Work to complete: Transcribe all of the records word for word, please, omitting the pictures.
══ Data for this task ══
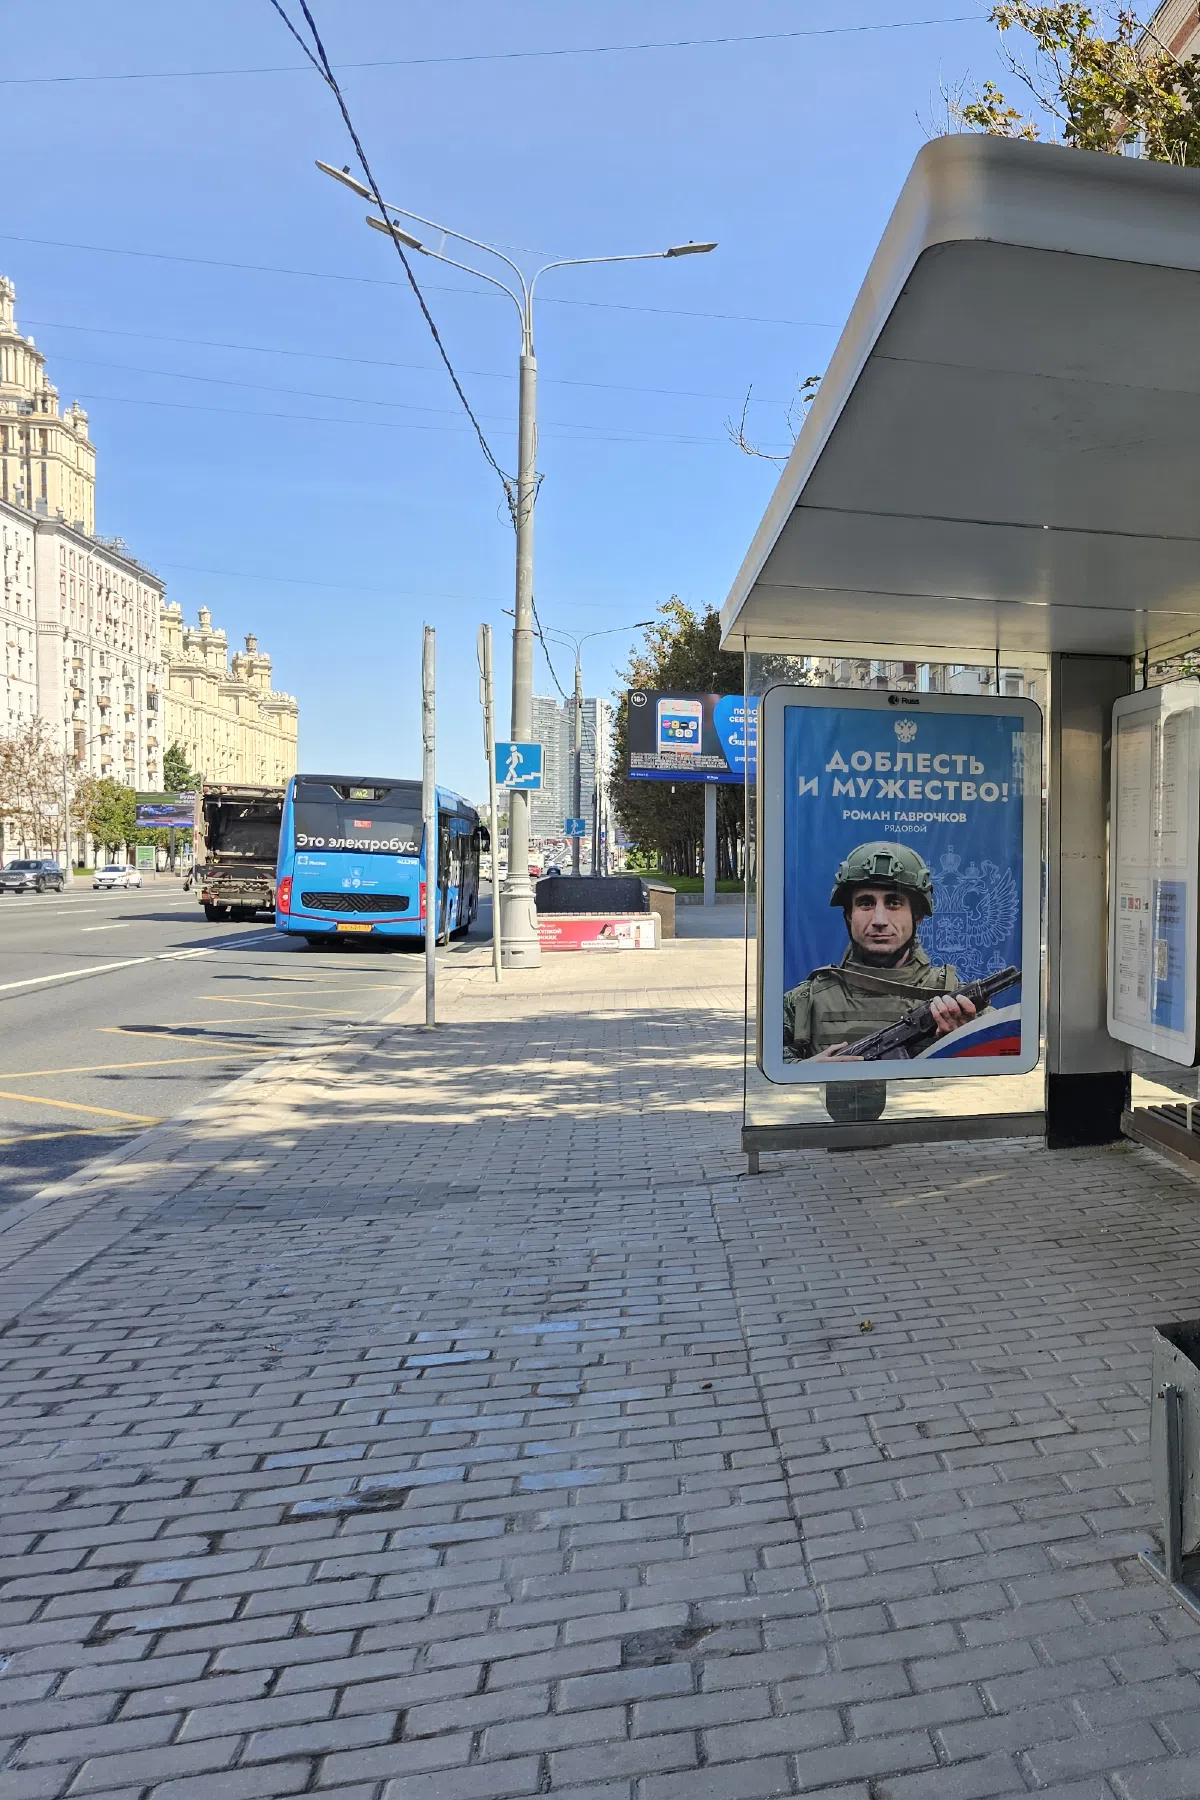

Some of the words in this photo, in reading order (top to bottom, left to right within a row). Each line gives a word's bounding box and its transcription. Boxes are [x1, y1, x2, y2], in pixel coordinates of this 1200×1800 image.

[825, 749, 985, 776] ДОБЛЕСТЬ
[798, 776, 819, 797] И
[832, 777, 1010, 803] МУЖЕСТВО!
[842, 809, 891, 821] РОМАН
[894, 811, 967, 824] ГАВРОЧКОВ
[884, 822, 927, 833] РЯДОВОЙ
[296, 833, 325, 847] Это
═══
Answer area:
Some of the words in this photo, in reading order (top to bottom, left to right within a row). Each line gives a word's bounding box and its transcription. Boxes are [x1, y1, x2, y2], in pixel coordinates of this 1200×1800 image.

[825, 749, 985, 776] ДОБЛЕСТЬ
[798, 776, 819, 797] И
[832, 777, 1010, 803] МУЖЕСТВО!
[842, 809, 891, 821] РОМАН
[894, 811, 967, 824] ГАВРОЧКОВ
[884, 822, 927, 833] РЯДОВОЙ
[296, 833, 325, 847] Это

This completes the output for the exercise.